## The problem
An exact reproduction of the listing is wanted, with the pictures dropped.

+++ Data excerpts +++

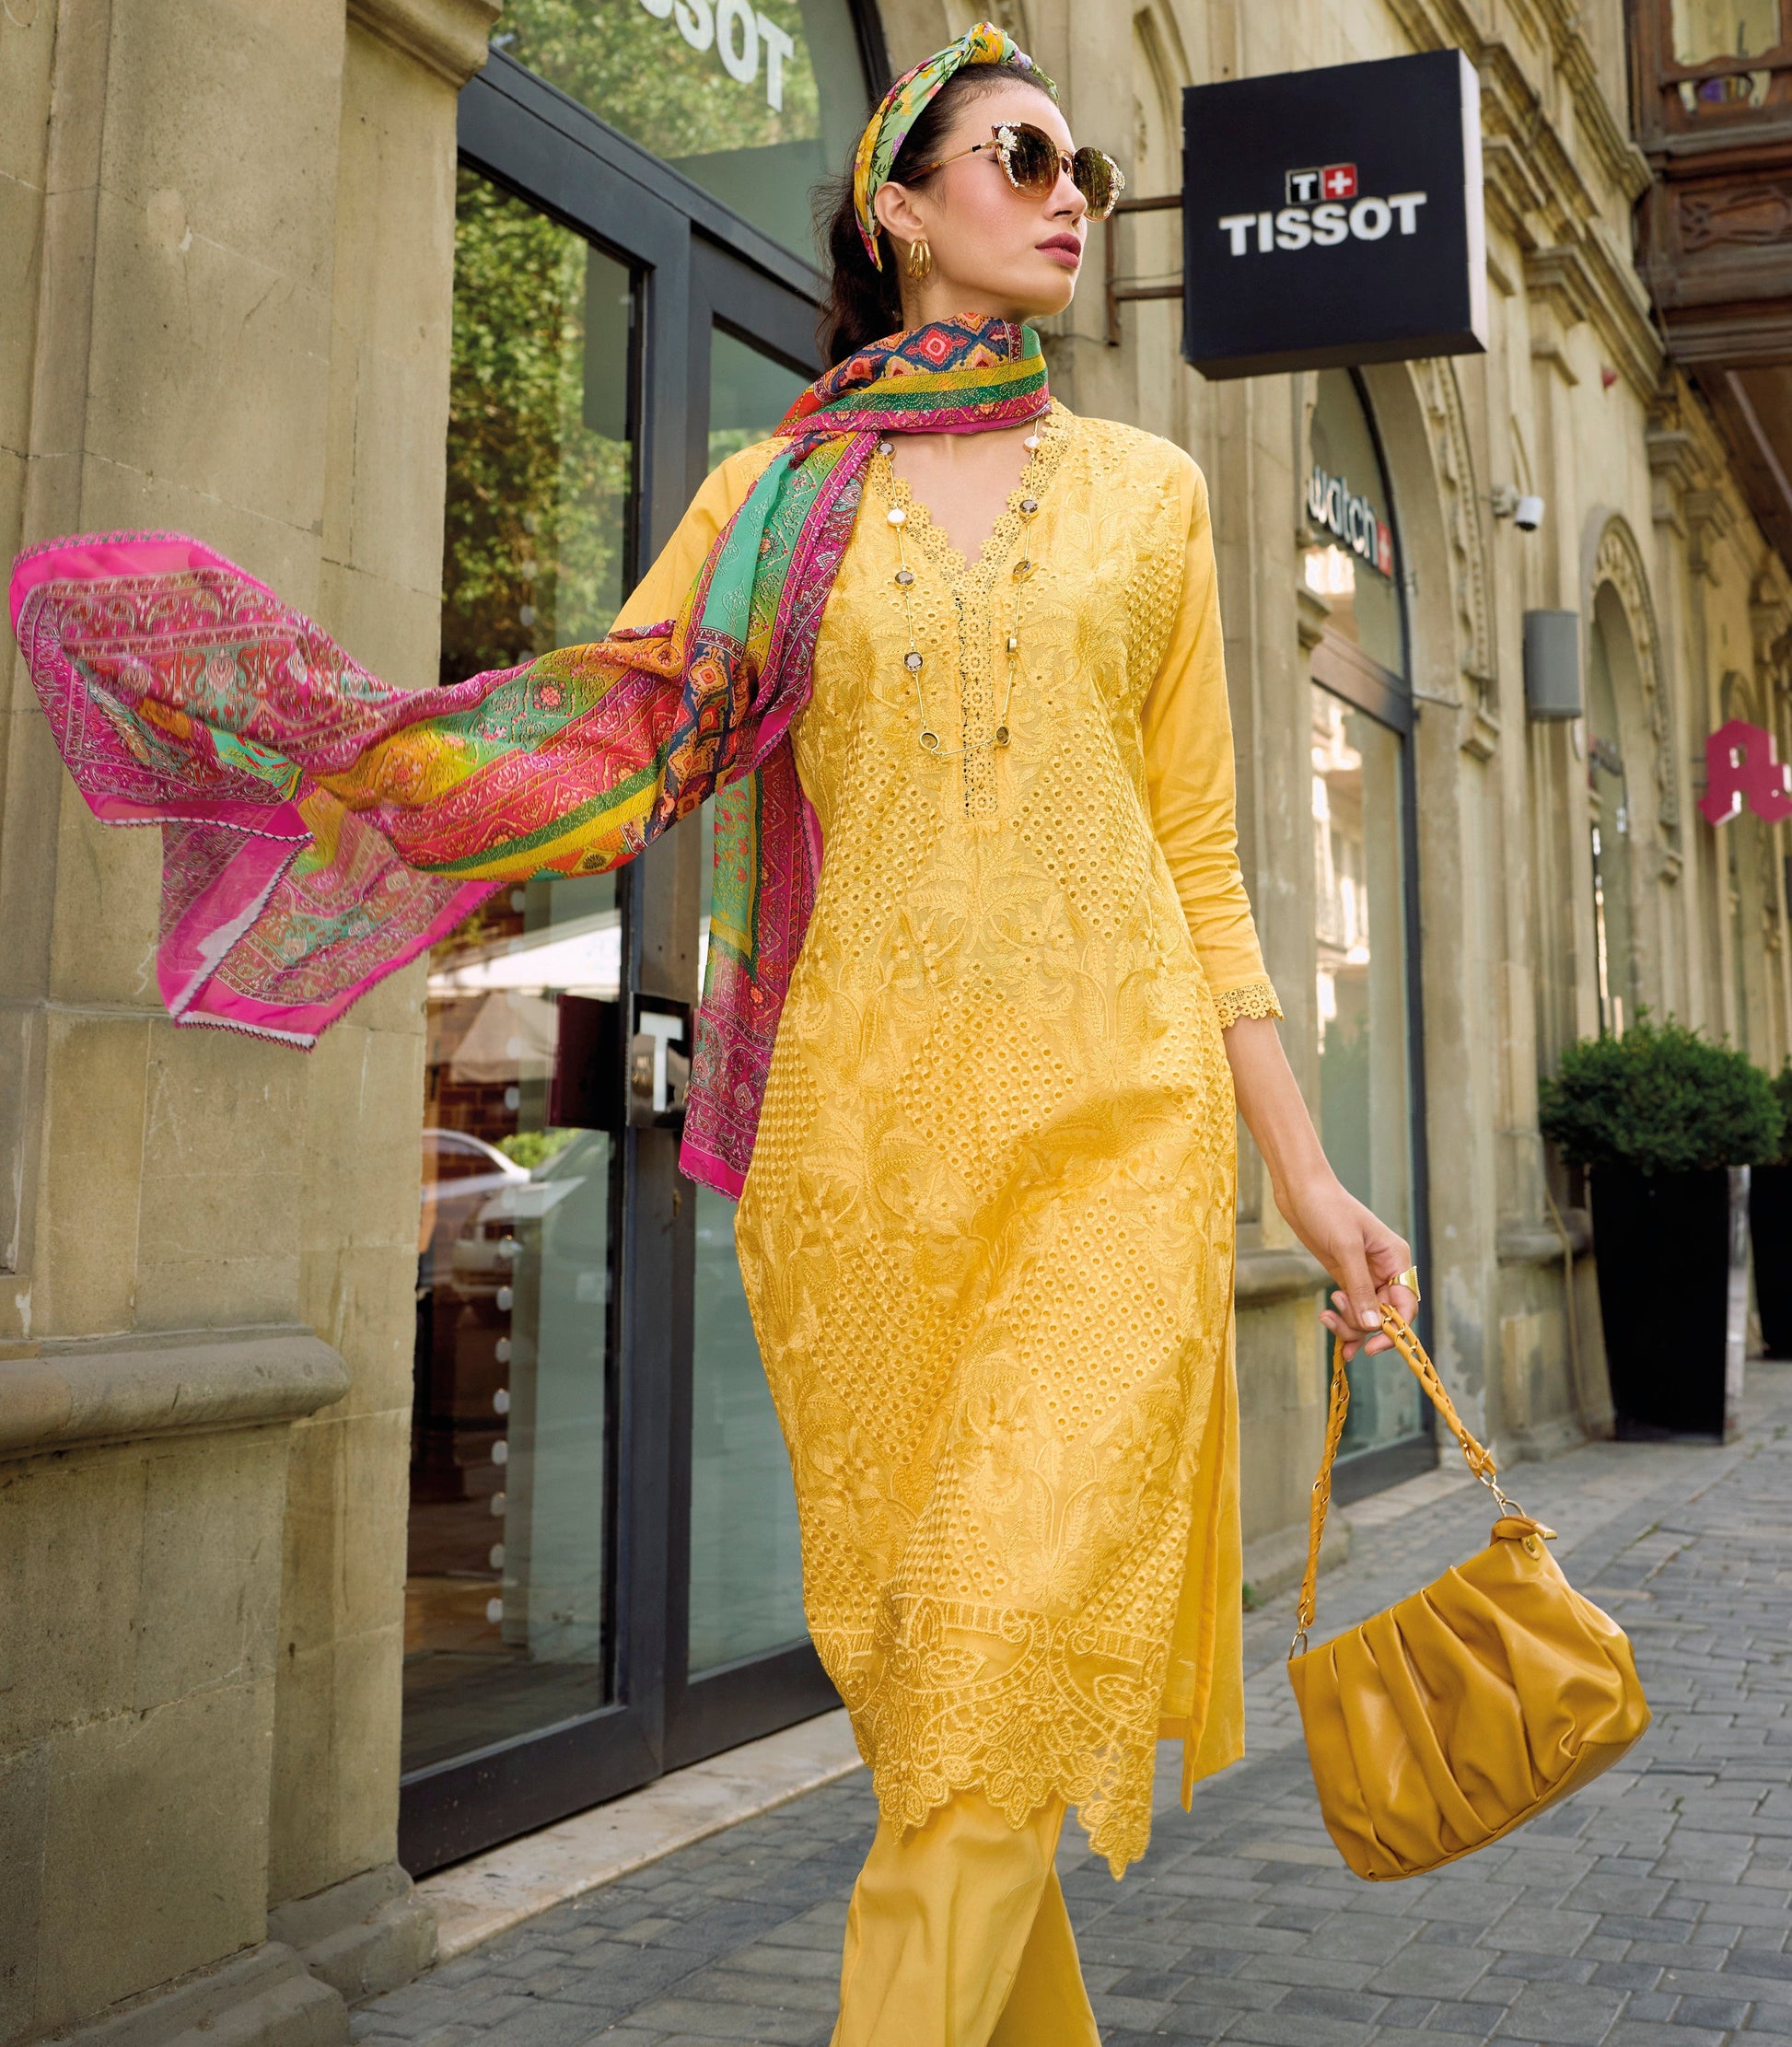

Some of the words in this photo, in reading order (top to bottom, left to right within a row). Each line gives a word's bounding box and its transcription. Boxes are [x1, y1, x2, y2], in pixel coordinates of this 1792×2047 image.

[640, 0, 795, 112] SOT
[1218, 191, 1427, 257] TISSOT
[639, 1011, 684, 1112] T
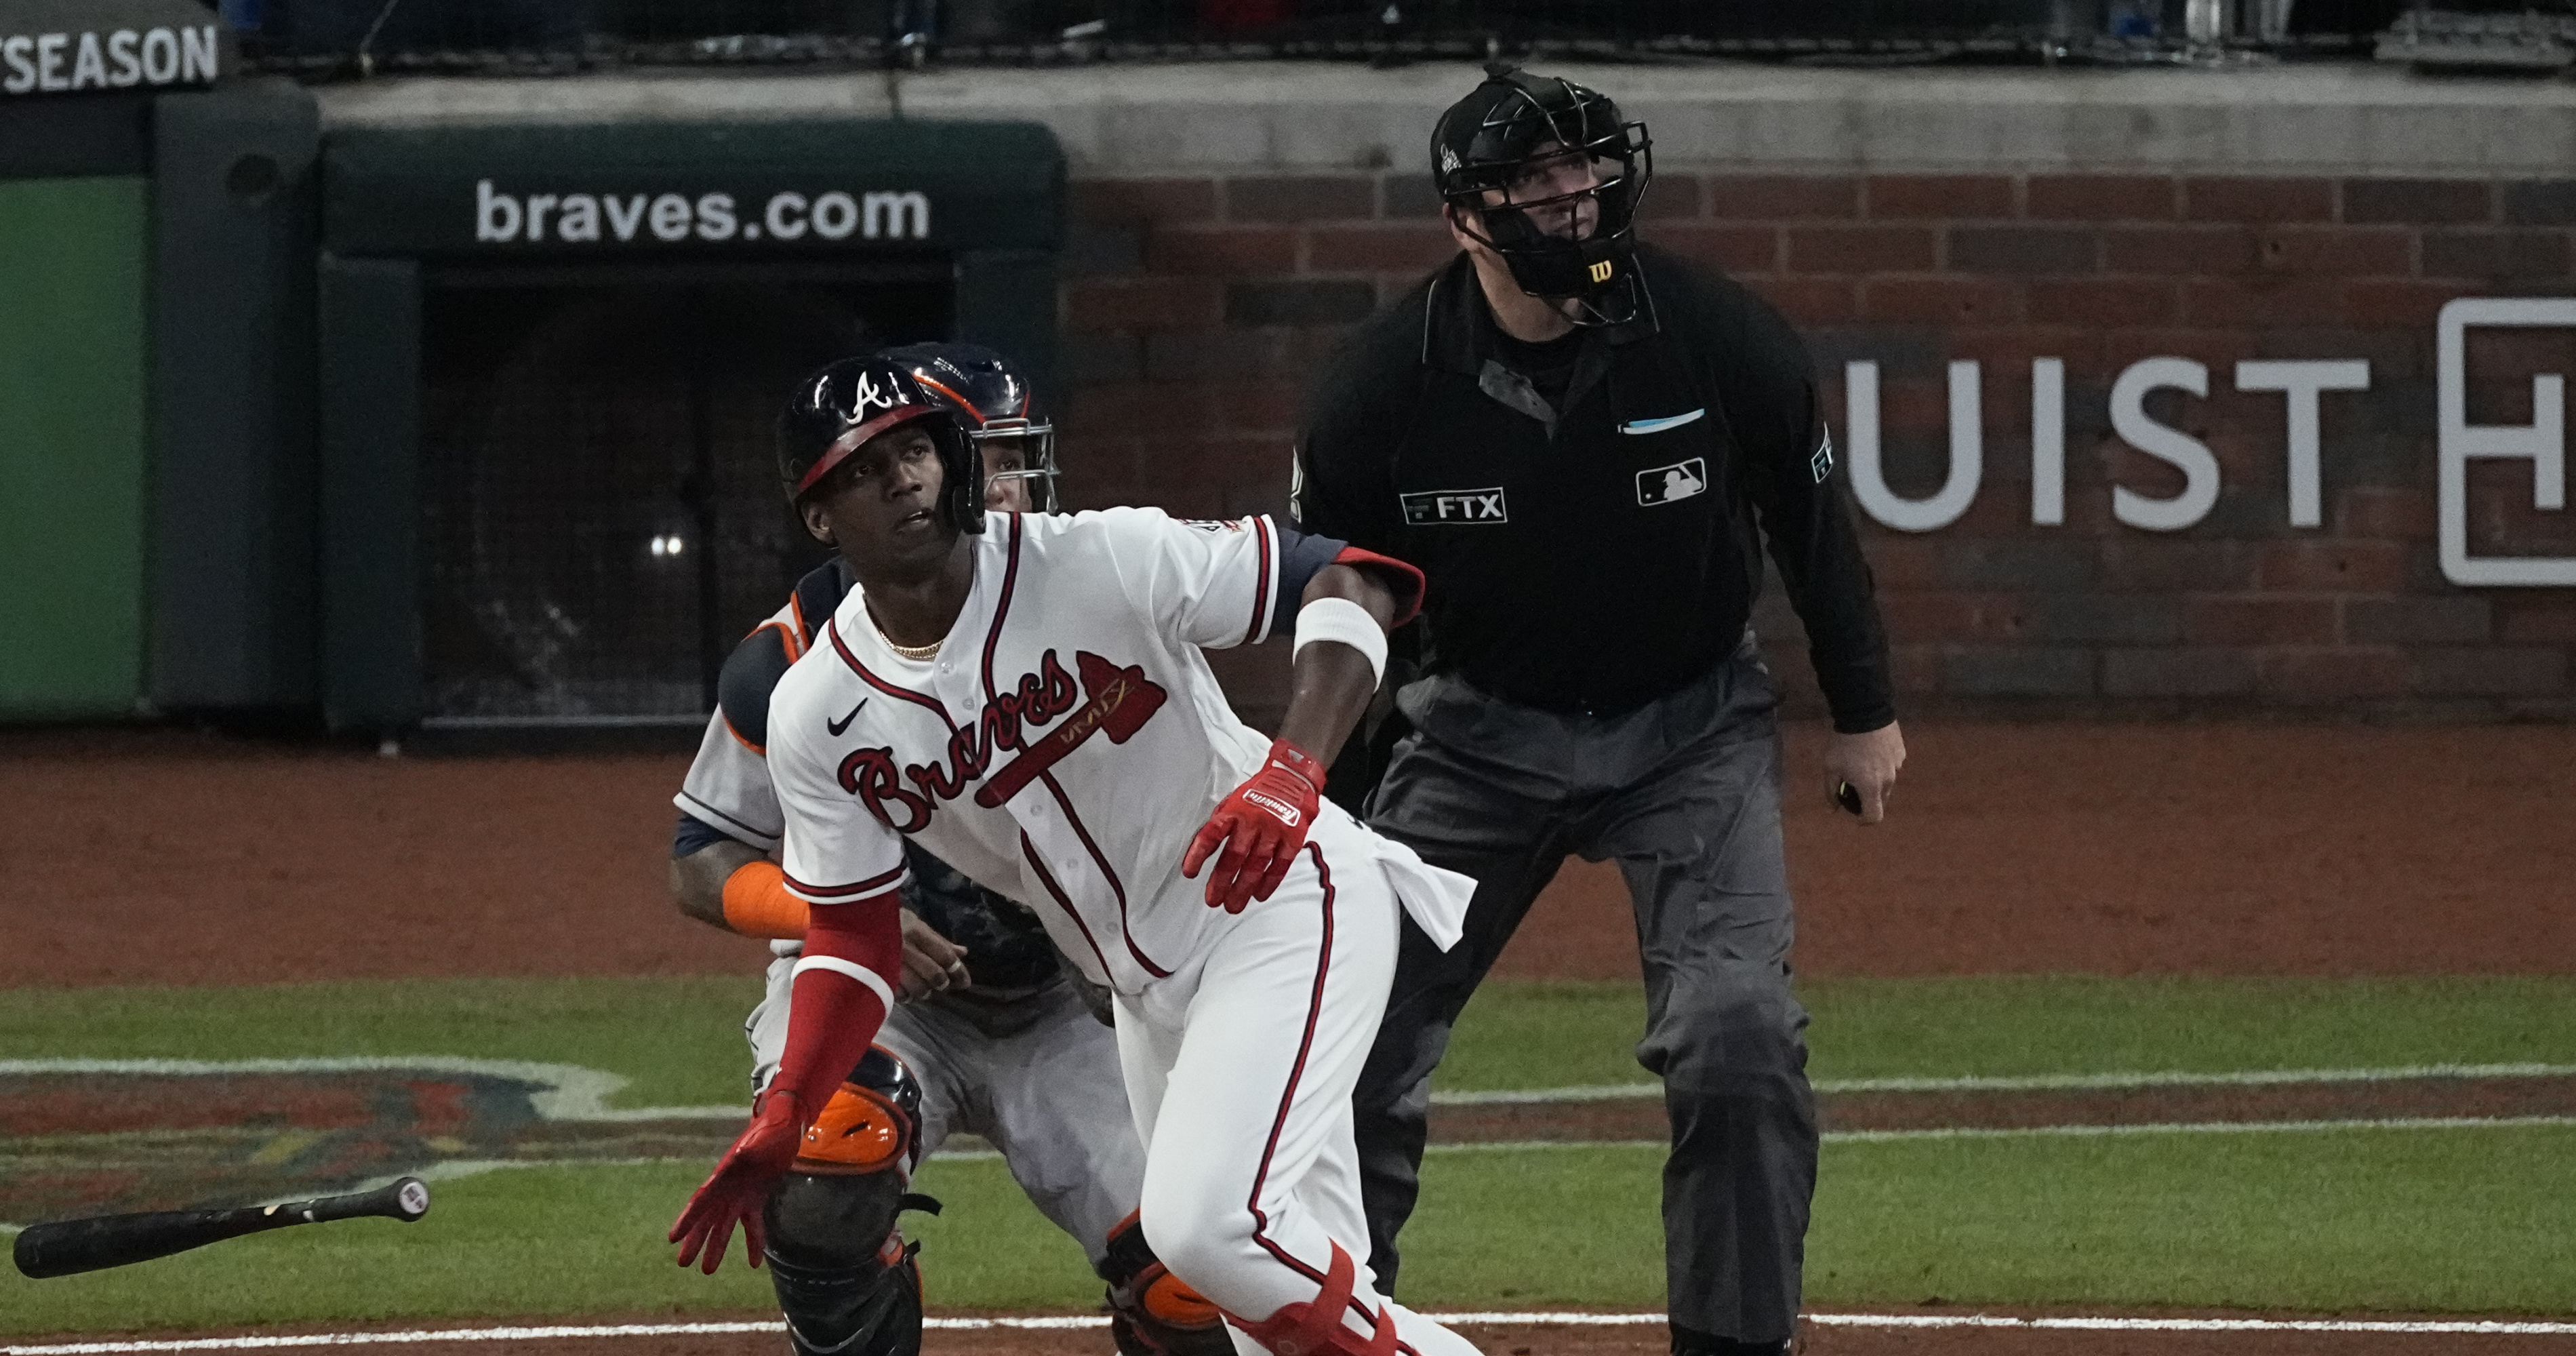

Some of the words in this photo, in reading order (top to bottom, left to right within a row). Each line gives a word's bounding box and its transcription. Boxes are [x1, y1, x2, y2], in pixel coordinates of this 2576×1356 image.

[0, 25, 217, 92] SEASON
[476, 179, 929, 241] braves.com
[847, 371, 892, 425] A
[1436, 494, 1504, 519] FTX
[837, 648, 1078, 834] Braves
[1249, 793, 1297, 820] Franklin

+++

## Exercise result
Some of the words in this photo, in reading order (top to bottom, left to right within a row). Each line gives a word's bounding box and its transcription. Boxes are [x1, y1, x2, y2], in pixel coordinates of this 1792×2047 image.

[640, 0, 795, 112] SOT
[1218, 191, 1427, 257] TISSOT
[639, 1011, 684, 1112] T

Some of the words in this photo, in reading order (top to bottom, left to right within a row). Each line gives a word's bounding box and its transcription. Boxes are [x1, y1, x2, y2], in pixel coordinates of this 2576×1356 image.

[0, 25, 217, 92] SEASON
[476, 179, 929, 241] braves.com
[847, 371, 892, 425] A
[1436, 494, 1504, 519] FTX
[837, 648, 1078, 834] Braves
[1249, 793, 1297, 820] Franklin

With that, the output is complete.